Dynacortin facilitates polarization of chemotaxing cells

Cathryn Kabacoff¹ , Yuan Xiong² , Runa Musib¹^,3 , Elizabeth M Reichl¹^,4 , John Kim¹ , Pablo A Iglesias² and Douglas N Robinson¹

¹Department of Cell Biology, Johns Hopkins University School of Medicine, Baltimore, MD 21205, USA

²Department of Electrical and Computer Engineering, Johns Hopkins University, Baltimore, MD, USA

³Current address: The Henry M. Jackson Foundation for the Advancement of Military Medicine, VPRP/DAIDS/NIAD, 6700-A Rockledge Drive, Room 42A165, Bethesda, MD, USA

⁴Current address: Human Genome Sciences, Inc. 14200 Shady Grove Road, Rockville, MD, USA

author email corresponding author email

BMC Biology 2007, 5:53doi:10.1186/1741-7007-5-53


Published:	26 November 2007

Abstract

Background

Cell shape changes during cytokinesis and chemotaxis require regulation of the actin cytoskeletal network. Dynacortin, an actin cross-linking protein, localizes to the cell cortex and contributes to cortical resistance, thereby helping to define the cell shape changes of cytokinesis. Dynacortin also becomes highly enriched in cortical protrusions, which are sites of new actin assembly.

Results

We studied the effect of dynacortin on cell motility during chemotaxis and on actin dynamics in vivo and in vitro. Dynacortin enriches with the actin, particularly at the leading edge of chemotaxing cells.
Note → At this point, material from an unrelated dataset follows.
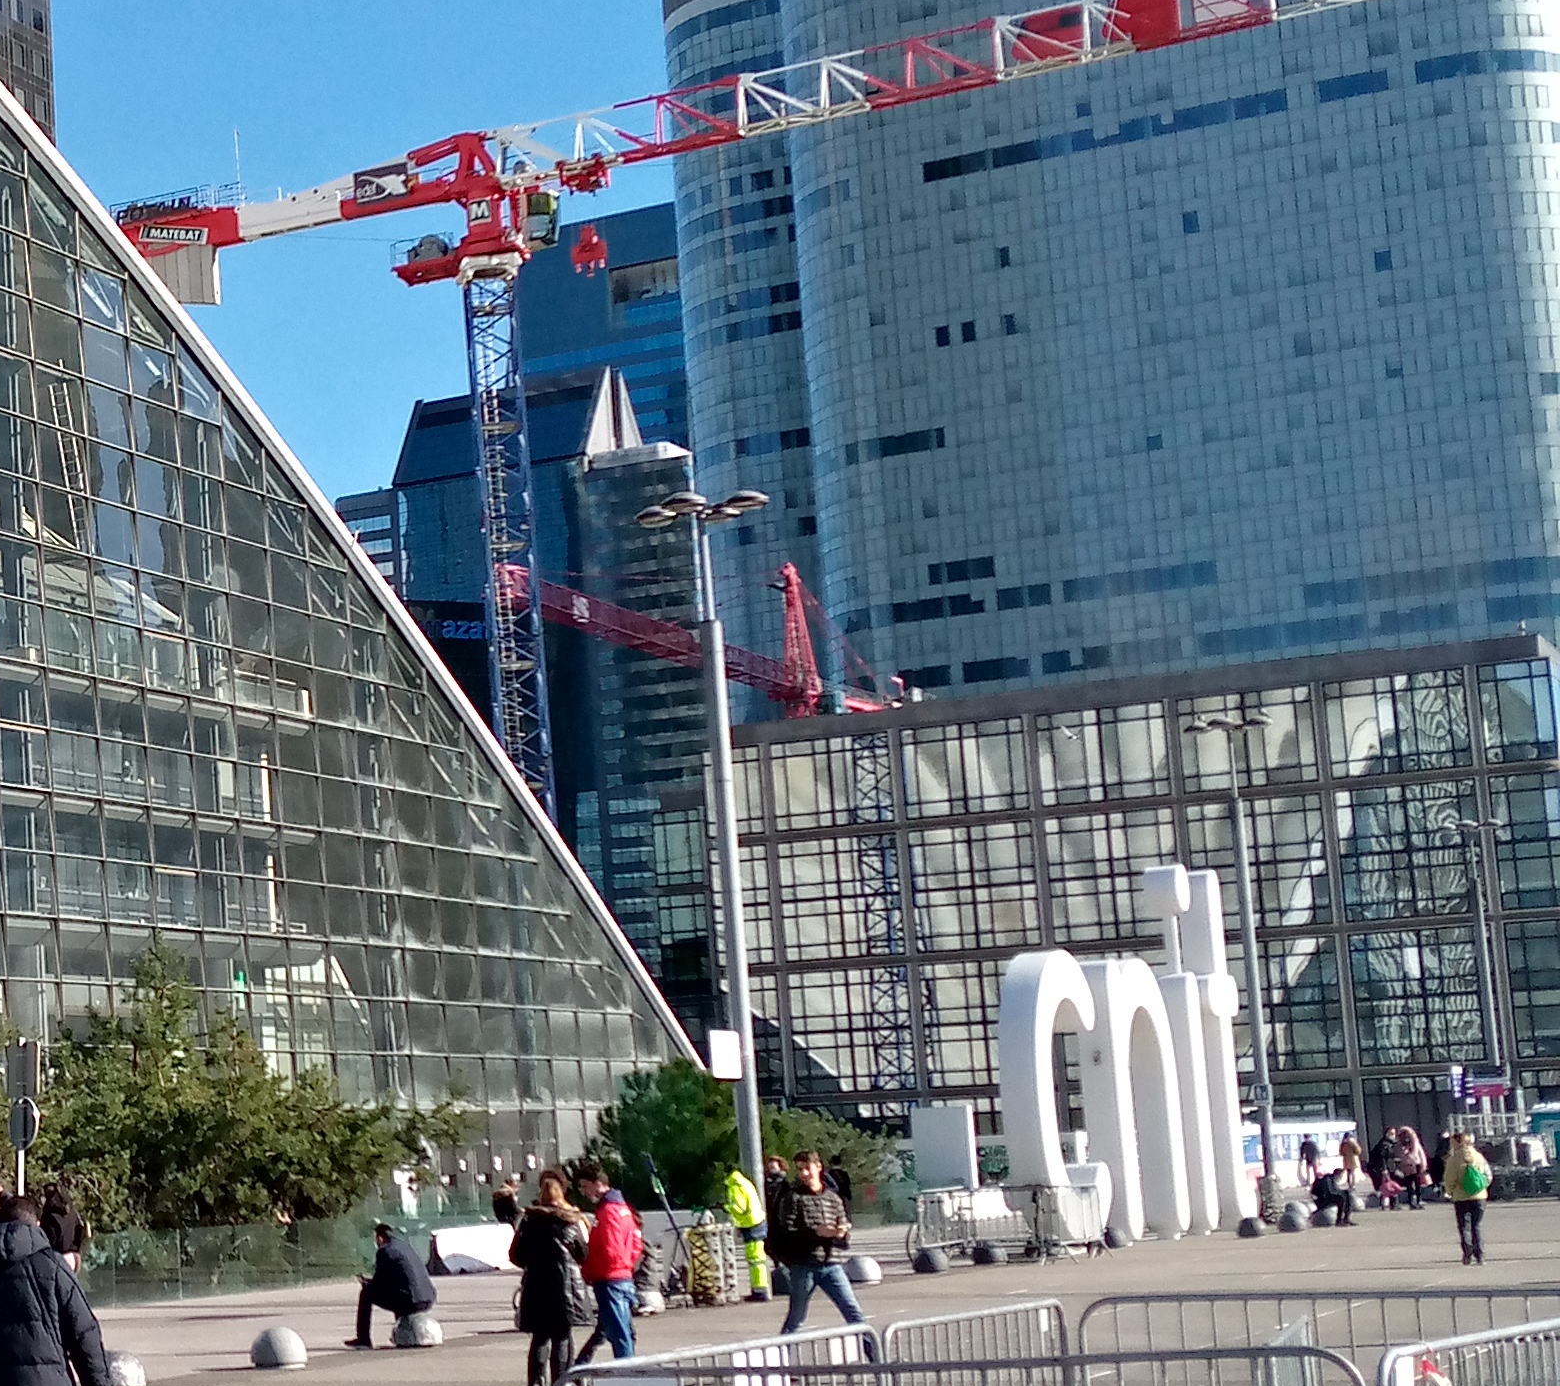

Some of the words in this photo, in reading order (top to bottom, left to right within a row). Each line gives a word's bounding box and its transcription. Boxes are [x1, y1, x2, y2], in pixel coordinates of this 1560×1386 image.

Cells devoid of dynacortin do not become as polarized as wild-type control cells but move with similar velocities as wild-type cells. In particular, they send out multiple pseudopods that radiate at a broader distribution of angles relative to the chemoattractant gradient. Wild-type cells typically only send out one pseudopod at a time that does not diverge much from 0° on average relative to the gradient. Though dynacortin-deficient cells show normal bulk (whole-cell) actin assembly upon chemoattractant stimulation, dynacortin can promote actin assembly in vitro. By fluorescence spectroscopy, co-sedimentation and transmission electron microscopy, dynacortin acts as an actin scaffolder in which it assembles actin monomers into polymers with a stoichiometry of 1 Dyn₂:1 actin under salt conditions that disfavor polymer assembly.

Conclusion

Dynacortin contributes to cell polarization during chemotaxis. By cross-linking and possibly stabilizing actin polymers, dynacortin also contributes to cortical viscoelasticity, which may be critical for establishing cell polarity. Though not essential for directional sensing or motility, dynacortin is required to establish cell polarity, the third core feature of chemotaxis.